Using the MAX9814 Chip’s Gain Features

The MAX9814 is a special little chip in that it offers a variable gain. You can get it to provide a default gain of 40, 50, or 60dB by setting the GAIN pin to either disconnected, 5V, or GND. This is the maximum gain seen, and the gain that will be used by default. If you never get a signal large enough to trigger the autogain control, it will be a constant at that level indefinitely.

After the ability to manually set a fixed default gain, there is also an AGC (auto gain control) amplifier. This is basically a compressor that kicks in automatically once the signal exceeds the AGC threshold (set with R16 and R17). In this case, if the output exceeds 1V, the AGC reduces the gain in order to prevent clipping. This allows you to be aggressive in setting the default gain with less risk of producing a damaged signal.

If you wish to turn off this feature, just connect the TH pin to MICBIAS. In this way you can guarantee that even if the input impedance of the electret goes to infinity, it will not exceed the AGC threshold at which it attempts to turn down the gain. If you need a perfectly time-even gain, this is the way to go.

Next, we have the attack:release ratio. This means how fast AGC will turn down gain relative to how slowly it will let the gain creep back to the default. You can set this using the A/R pin, which on the myki is a jumper. If you leave it disconnected, the A/R is 1:4000, at 5V it is 1:2000, and at GND it is 1:500. In my experience qualitatively, I prefer a quick attack and very slow recovery, so I am going to start with 1:4000.

Interfacing the MAX9814 output with the ATmega32U4.

The ATmega32U4 has quite a few 8-bit analog-to-digital converters (ADC). You can set using the Arduino programming environment what you want to use as an analog reference voltage. This is the voltage which will be represented as 0xFF (hexadecimal maximum for an 8-bit number). By default, the Arduino uses the AVCC of 5V as the reference voltage. In this case, that is not good.

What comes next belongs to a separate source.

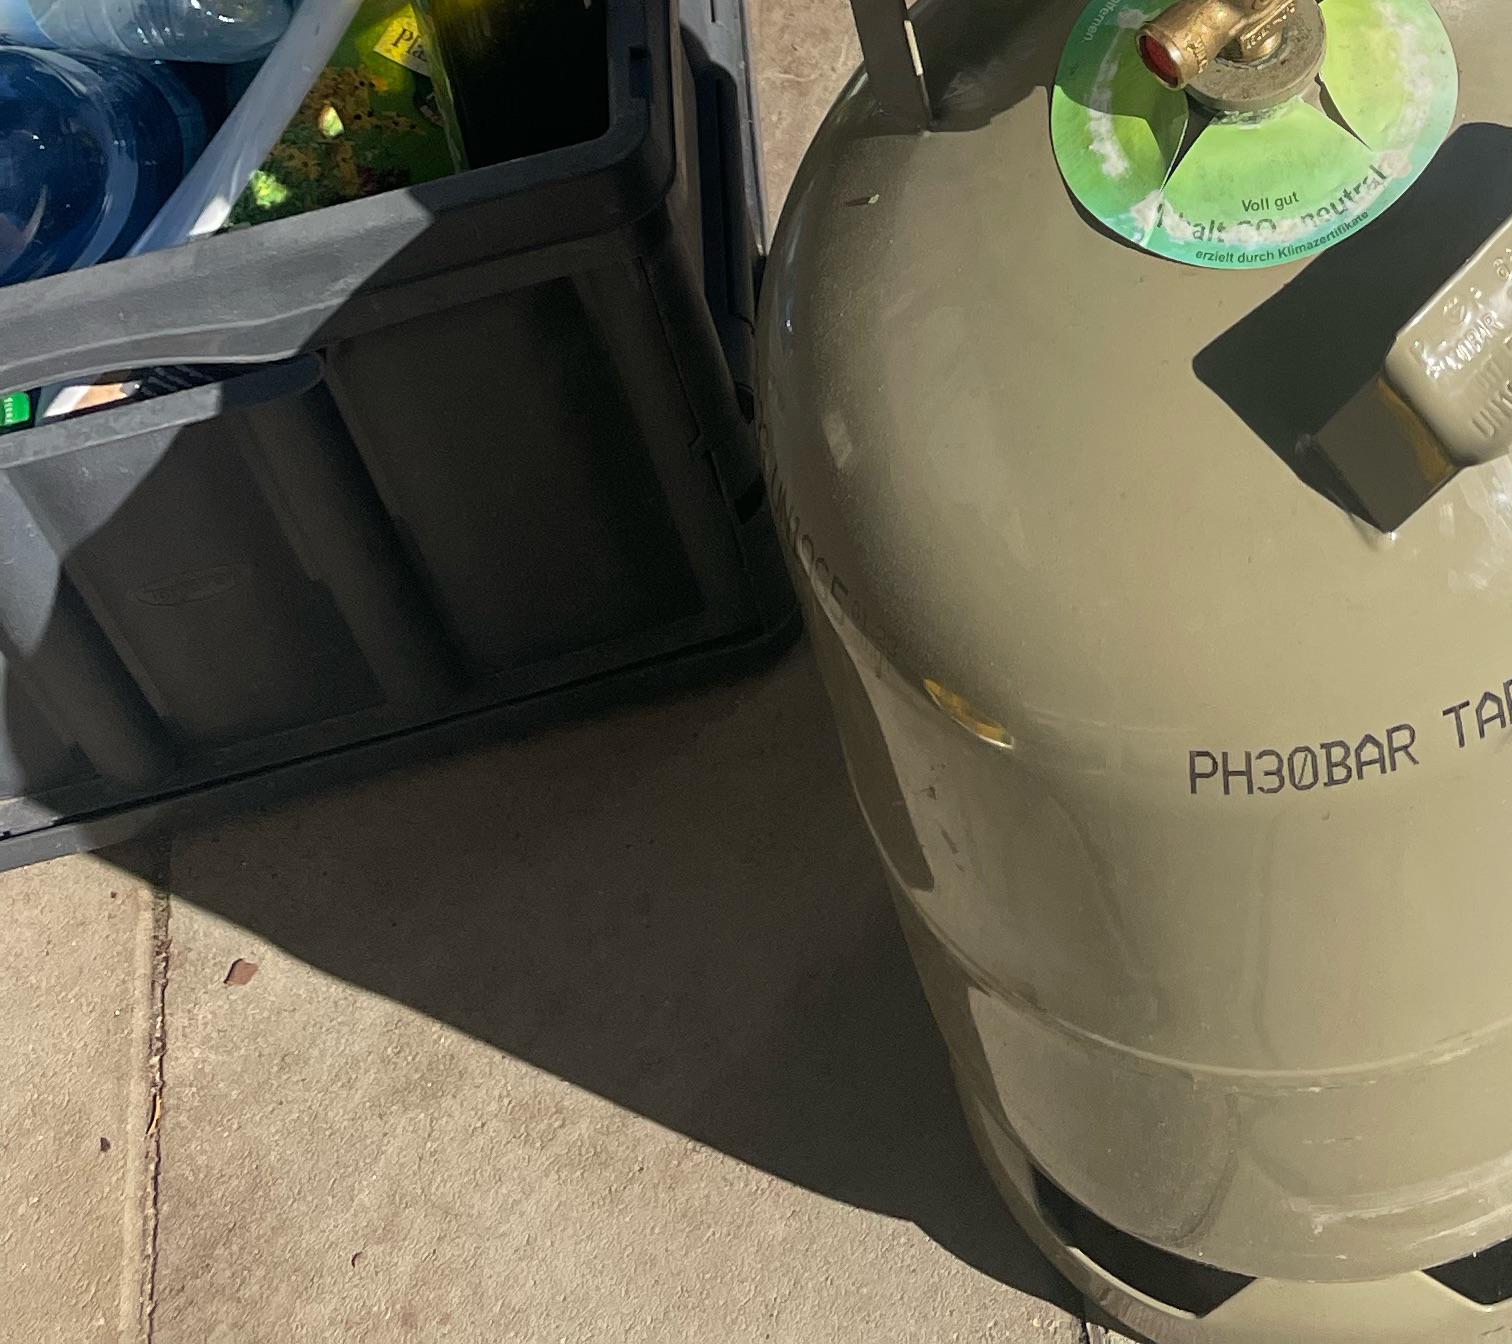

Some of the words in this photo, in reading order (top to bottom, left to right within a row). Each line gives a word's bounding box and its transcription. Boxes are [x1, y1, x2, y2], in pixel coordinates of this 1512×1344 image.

The MAX9814 chip outputs an amplified version of the microphone signal on the MICOUT pin, with a bias voltage of 1.23V. This is actually extremely convenient, because it allows us to use the ATmega32U4 internal voltage reference of 2.56V and get a high resolution, centered measurement. With a 2.56V voltage reference, each bit on an 8-bit ADC is equal to precisely 10mV, which is also very convenient. So, a DC signal from the microphone (silence) would be a constant 123 in digital.

The Arduino environment defines the analog reference setting using the analogReference function.

analogReference(DEFAULT); // Uses the default of 5V.
analogReference(INTERNAL2V56); // Uses the 2.56V internal reference.

In our case, we want to use the second option, configuring the myki to use the 2.56V internal reference voltage.

Now, we know that a quiet environment will result in a ADC output of approximately 123. Due to errors in manufacturing of the resistors and chips, this may not be exactly correct for you, and you should of course compensate in your code to automatically find the accurate DC offset at the converter.

In a later post, I will get into the details of doing audio reading from this circuit, doing beat detection, noise thresholding, and using it to control the color and intensity of light from the myki light in the standard audio responsive mode.